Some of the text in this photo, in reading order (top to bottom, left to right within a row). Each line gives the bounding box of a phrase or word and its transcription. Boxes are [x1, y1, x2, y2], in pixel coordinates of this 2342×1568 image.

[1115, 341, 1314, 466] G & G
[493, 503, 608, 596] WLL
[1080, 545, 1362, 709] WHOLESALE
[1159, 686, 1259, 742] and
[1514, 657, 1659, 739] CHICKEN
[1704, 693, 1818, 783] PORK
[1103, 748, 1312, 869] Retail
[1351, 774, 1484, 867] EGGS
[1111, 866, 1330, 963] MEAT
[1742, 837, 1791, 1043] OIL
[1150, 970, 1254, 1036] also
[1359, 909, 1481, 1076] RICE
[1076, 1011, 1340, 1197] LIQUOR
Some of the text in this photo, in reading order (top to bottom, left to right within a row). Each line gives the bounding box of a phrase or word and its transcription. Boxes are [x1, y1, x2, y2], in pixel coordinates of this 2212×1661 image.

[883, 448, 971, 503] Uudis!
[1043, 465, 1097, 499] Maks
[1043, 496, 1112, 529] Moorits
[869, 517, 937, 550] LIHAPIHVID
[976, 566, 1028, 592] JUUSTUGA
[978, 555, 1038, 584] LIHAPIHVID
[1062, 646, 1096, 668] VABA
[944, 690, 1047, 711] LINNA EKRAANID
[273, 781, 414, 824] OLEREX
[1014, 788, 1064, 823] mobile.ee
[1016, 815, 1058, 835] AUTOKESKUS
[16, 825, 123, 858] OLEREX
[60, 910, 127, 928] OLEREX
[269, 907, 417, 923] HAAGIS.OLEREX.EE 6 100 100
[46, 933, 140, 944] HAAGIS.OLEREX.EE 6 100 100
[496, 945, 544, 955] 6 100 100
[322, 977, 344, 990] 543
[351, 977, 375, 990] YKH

### WORK REQUEST
Repeat the material above precisely.

### EXERCISE ANSWER
Some of the text in this photo, in reading order (top to bottom, left to right within a row). Each line gives the bounding box of a phrase or word and its transcription. Boxes are [x1, y1, x2, y2], in pixel coordinates of this 2342×1568 image.

[1115, 341, 1314, 466] G & G
[493, 503, 608, 596] WLL
[1080, 545, 1362, 709] WHOLESALE
[1159, 686, 1259, 742] and
[1514, 657, 1659, 739] CHICKEN
[1704, 693, 1818, 783] PORK
[1103, 748, 1312, 869] Retail
[1351, 774, 1484, 867] EGGS
[1111, 866, 1330, 963] MEAT
[1742, 837, 1791, 1043] OIL
[1150, 970, 1254, 1036] also
[1359, 909, 1481, 1076] RICE
[1076, 1011, 1340, 1197] LIQUOR
Some of the text in this photo, in reading order (top to bottom, left to right within a row). Each line gives the bounding box of a phrase or word and its transcription. Boxes are [x1, y1, x2, y2], in pixel coordinates of this 2212×1661 image.

[883, 448, 971, 503] Uudis!
[1043, 465, 1097, 499] Maks
[1043, 496, 1112, 529] Moorits
[869, 517, 937, 550] LIHAPIHVID
[976, 566, 1028, 592] JUUSTUGA
[978, 555, 1038, 584] LIHAPIHVID
[1062, 646, 1096, 668] VABA
[944, 690, 1047, 711] LINNA EKRAANID
[273, 781, 414, 824] OLEREX
[1014, 788, 1064, 823] mobile.ee
[1016, 815, 1058, 835] AUTOKESKUS
[16, 825, 123, 858] OLEREX
[60, 910, 127, 928] OLEREX
[269, 907, 417, 923] HAAGIS.OLEREX.EE 6 100 100
[46, 933, 140, 944] HAAGIS.OLEREX.EE 6 100 100
[496, 945, 544, 955] 6 100 100
[322, 977, 344, 990] 543
[351, 977, 375, 990] YKH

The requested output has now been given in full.